Sales for 2005 were up 20 to 25 percent over 2004, Bright says. “I think that candles are a staple product for the gift industry. There is, and will always be, a core group of consumers who are committed candle users. Fortunately for them, importers and domestic manufacturers have been able to develop a terrific number of interesting products, especially over the past five years or so.”

Emotional buying

Candles are “indulgence items that give consumers an emotional lift” and signal a break from the ordinary, Danziger says. Focusing on that emotional experience is key to candle sales just as it is to retailing in general. “Anybody in the gift business ought to be looking seriously at all kinds of products that provide an experiential boost,” she says. “Too many gift stores are focused on home decor, when what they really need to do is shift their emphasis to the experience, because gifting is all about the experience, about connecting emotionally.”

At Spa at Home, Chad agrees that candle sales are “not just about the candle anymore. It’s about the ‘feeling’ that is evoked when someone wants to light a candle, a warm romantic and relaxing feeling.”

Cosmo Corigliano, president of candle-maker Crystal Journey Candles in Essex, CT, says for maximum sales, candles should be positioned as “part of an overall experience that includes all of the human emotions.” In fact, Crystal Journey’s best-selling candles are part of their Herbal Magic line, which has 28 “themes,” including Love, Money, Angel’s Influence, and Manifest a Miracle. The best candles “should elicit memories of our life experiences,” says Corigliano. “This is accomplished through packaging, colors and—just as importantly—the fragrance.
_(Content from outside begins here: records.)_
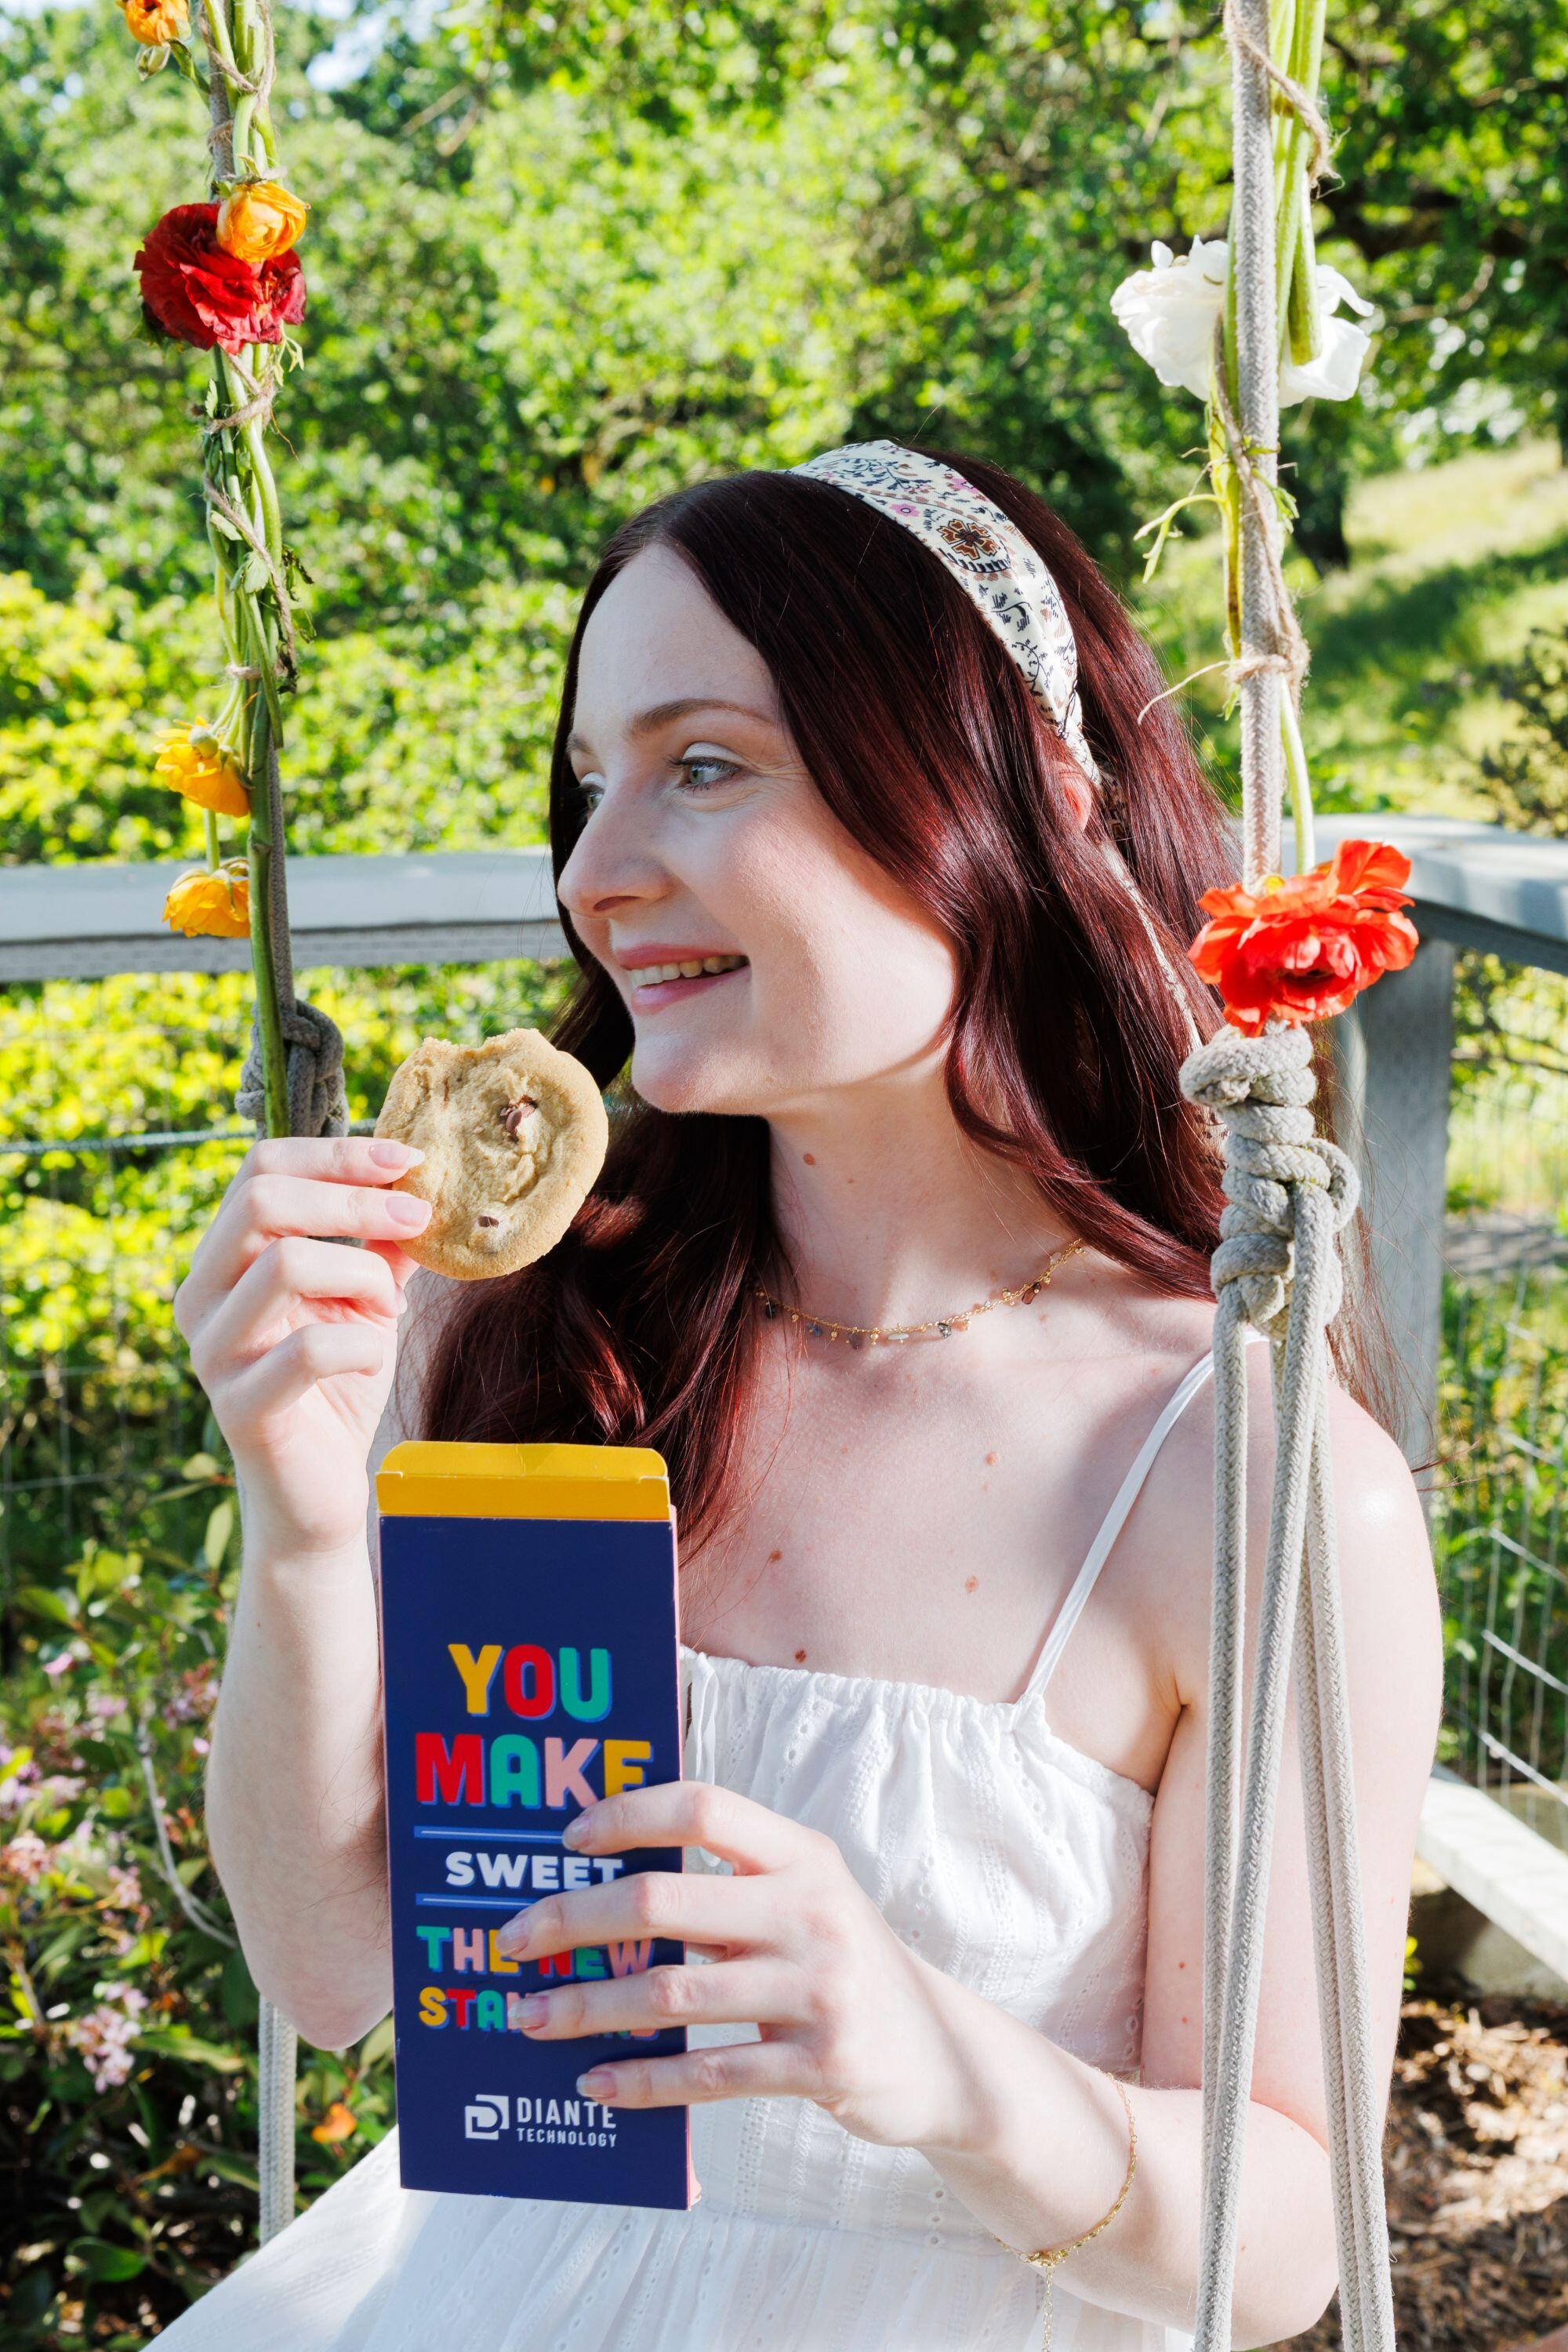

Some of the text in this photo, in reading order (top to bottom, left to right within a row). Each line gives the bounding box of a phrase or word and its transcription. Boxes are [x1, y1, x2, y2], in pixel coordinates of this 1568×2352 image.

[448, 1643, 612, 1722] YOU
[415, 1733, 655, 1810] MAKE
[445, 1851, 625, 1889] SWEET
[416, 1926, 521, 1976] THE
[516, 2096, 617, 2129] DIANTE
[516, 2128, 617, 2148] TECHNOLOGY
Smell is one of the strongest senses to remember past life experiences.”

The vast majority of candles sold in the US are scented. Scented candles represent 45 percent of the home fragrances market, the biggest slice of the home-fragrance market, outselling sprays, diffusers, potpourri, incense, simmerers and car-fresheners combined, Danziger says.

According to the NCA, 75 percent of consumers consider fragrance to be an “extremely important” attribute when purchasing candles. And the industry accommodates them. With more than 400 candle manufacturers in the US and “many more mom-and-pops,” the NCA estimates that more than 10,000 candle scents are now on the market. (Surprisingly, consumers still like vanilla best, according to NCA research.)

At Root Candles, Jones says her customers are demanding organic, complex fragrances. “It’s wonderful to find customers asking for fragrances that were unheard of five years ago, [such as] leather, tobacco, lemongrass and tomato vine,” she says. “It shows how open-minded our customers are. They are not influenced by others but [are] extremely individual. They embrace the scents that make them happy.”

According to Carol Steele, vice president of marketing and product development at Illume, a maker of premium, hand-poured candles in Sun Valley, CA, “fragrance will always be the [sales] driver, so I suggest [retailers] light candles whenever possible.” Illume has “very loyal customers when it comes to certain fragrances,” she says. “Currently we are noticing a trend toward more sophisticated fragrances, more unique blends with equally sophisticated names. Customers may still want to identify that the fragrance is primarily a floral or a spice, but it is about the unique layering of the notes.” The company’s pillar candles, which come in 30 different fragrances, are currently selling best.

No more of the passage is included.